En la clase del 29 de marzo compartimos dos textos breves de la periodista Leila Guerriero.
Pavor
Siempre preguntan lo mismo: si a uno, periodista, no le da miedo hacerse daño escuchando las historias dolorosas de la gente. A mí no. Lo que me da pavor es la escritura, ese bicho inhumano. Sucede que a veces uno escribe algo, y ese algo se lo lleva todo; escribe, digamos, un texto que se comporta como un agujero negro que absorbe los recursos, las formas, y uno queda hueco como un edificio interrumpido. En apariencia, todo funciona correctamente. Pero nada funciona correctamente. Durante días, quizás semanas, quizás meses, uno contempla, anestesiado y lúcido, la herrumbre hepática de frases que reptan sin despertar. Desde el umbral yermo de esa tierra incógnita, sin adentrarse en ella porque no se sabe cómo, sin posibilidades de retroceder porque no se puede, uno observa a la escritura mutar y retorcerse como quien espera la desesperante evolución de una enfermedad blanda. No se trata de no poder escribir, porque uno siempre escribe. Se trata de haber traído al mundo un cordero malsano de dios, maldito y bendito, que se cobró su precio y se lo llevó todo. Yo escribí hace poco un texto así. No importa cuál (es cosa mía). Y permanecí por un tiempo mirando esos ríos petrificados de palabras, preguntándome: ¿dónde está el agua, dónde están los peces? Rogando que alguien me dijera: “Basta”. Rogando que alguien me dijera “pará”. Queriendo ser otra cosa. Un vendedor de autos. Un albañil. Un tenista. No alguien que escribe. Después, de pronto, todo vuelve, y es como siempre fue y es, también, la perfecta otra cosa. Y, cuando todo vuelve, uno no se pregunta cuándo será la próxima vez, el próximo pavor, el próximo desastre. Uno, simplemente, sigue. Es patético, es doloroso, es humillante y es aterrador. Y, como pasa con todas las cosas que realmente importan, nunca nadie pregunta. Menos mal.

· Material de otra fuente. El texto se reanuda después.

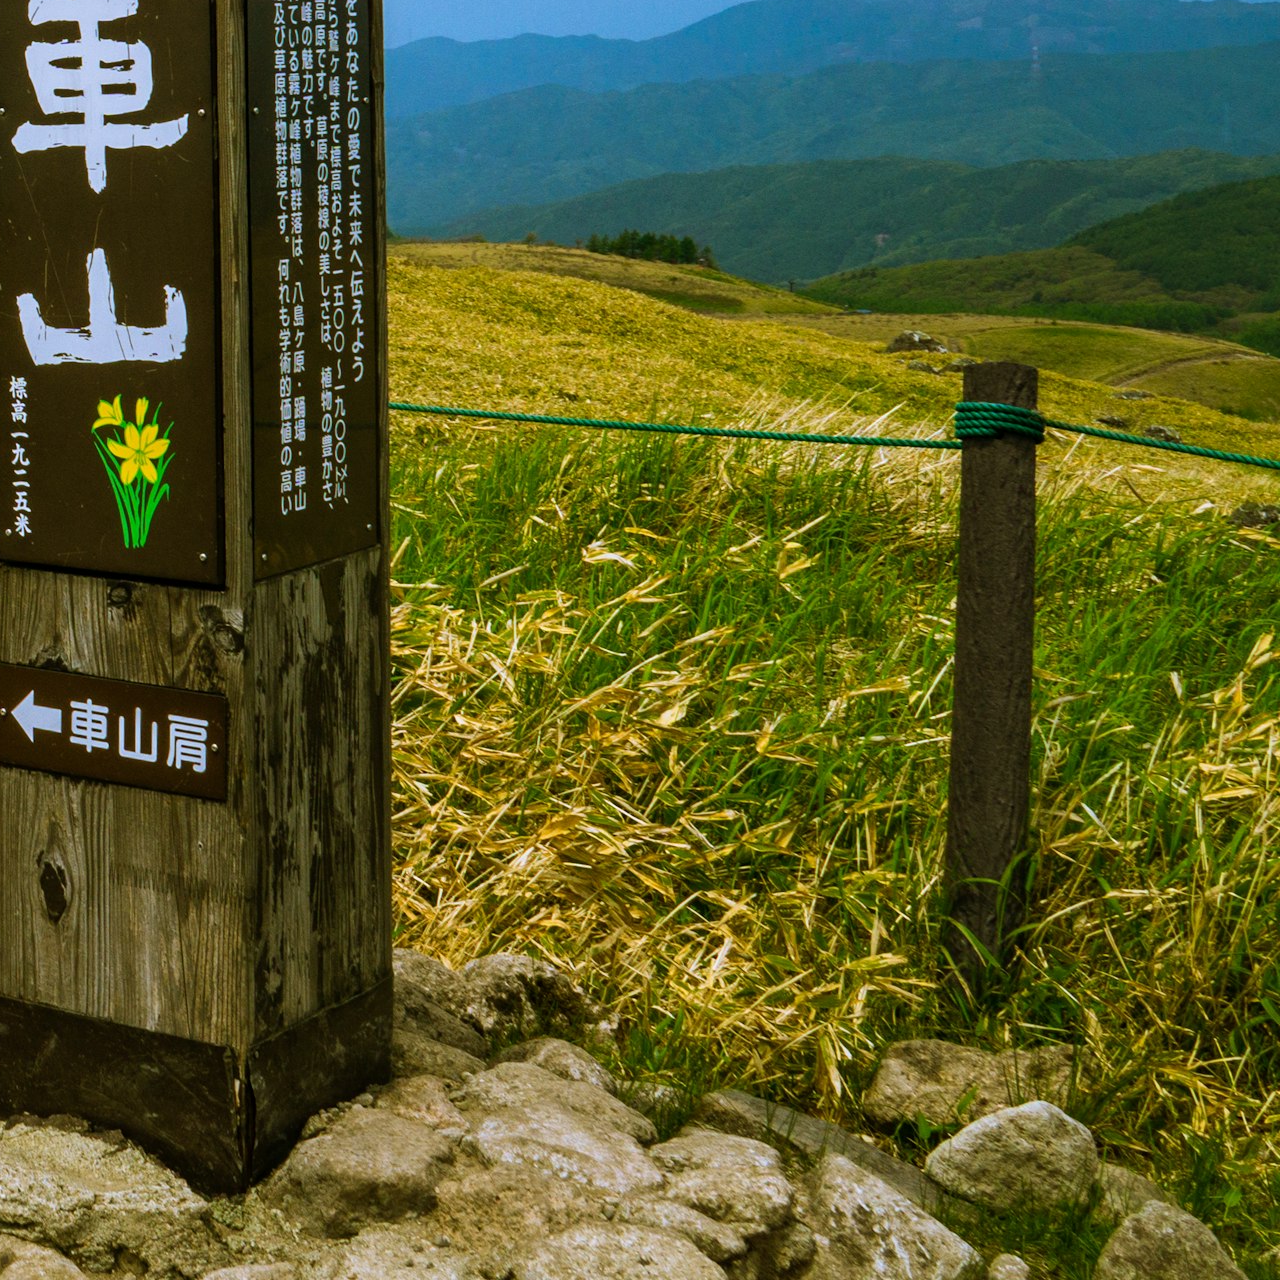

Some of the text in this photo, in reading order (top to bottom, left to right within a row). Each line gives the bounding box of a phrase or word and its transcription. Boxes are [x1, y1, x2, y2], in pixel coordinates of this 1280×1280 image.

[9, 375, 32, 538] 標高一九二五米
[69, 697, 209, 773] 車山肩

https://elpais.com/elpais/2016/10/11/opinion/1476206916_160757.html
Egoísta
Fue un día tan bueno. Un día como un trozo de tela bien planchado. Como un vidrio sin mácula. Como una madera. Sin más planes que levantarse y vivir. Un día sin secretos. Sin prisa por terminar nada porque no había nada que empezar: no hacía falta. Un día sin ganancias ni pérdidas, sin sucia ansiedad, sin impaciencia. Un día como una casa donde todo está hecho. Sólido. Limpio. Recto. ¿Qué fue? Todo estaba en orden. Todo estaba donde debía estar. Nada puede hacerle daño a un día como ese, que llega desde el centro de la Tierra y se planta sobre la superficie como una caja perfecta, blanca, reluciente. ¿Fue el sol, fue la temperatura, fue la luz, fueron las gatas que se corrían entre ellas, fue el paseo en auto, fue la música, fue la merienda con mermelada recién hecha, fue la caminata sin rumbo, fue esa película inesperada en la televisión? Claro que no. Fue algo vil. Que vino del sitio del que provienen (toda) la felicidad y (toda) la desdicha. Fue que el día anterior, después de horas de maldita paciencia, de esclava paciencia, de espera lenta y dura, de estar quieta, de permanecer con la tozudez de un pescador clavando palabras trabajosamente en la pantalla de la computadora —como pequeños cortes infectados, como cofres inconexos, como cosas muertas— sin que nada pasara, el viejo engranaje de toda la vida se puso en marcha y un pequeño vibrión débil y movedizo brotó dentro de mí y me abalancé sobre él y lo hice rodar como una piedra modesta, de aquí para allá, hasta que lo apreté entre los dientes y, como quien lleva su presa al río, lo ahogué en un nido de frases, y de ese ínfimo cogollo de emoción salió algo, chorreante, que era lo que yo quería. Fue eso, nada más. Unas cuantas palabras. Un párrafo. No otra cosa. Una felicidad egoísta, miserable y pasajera.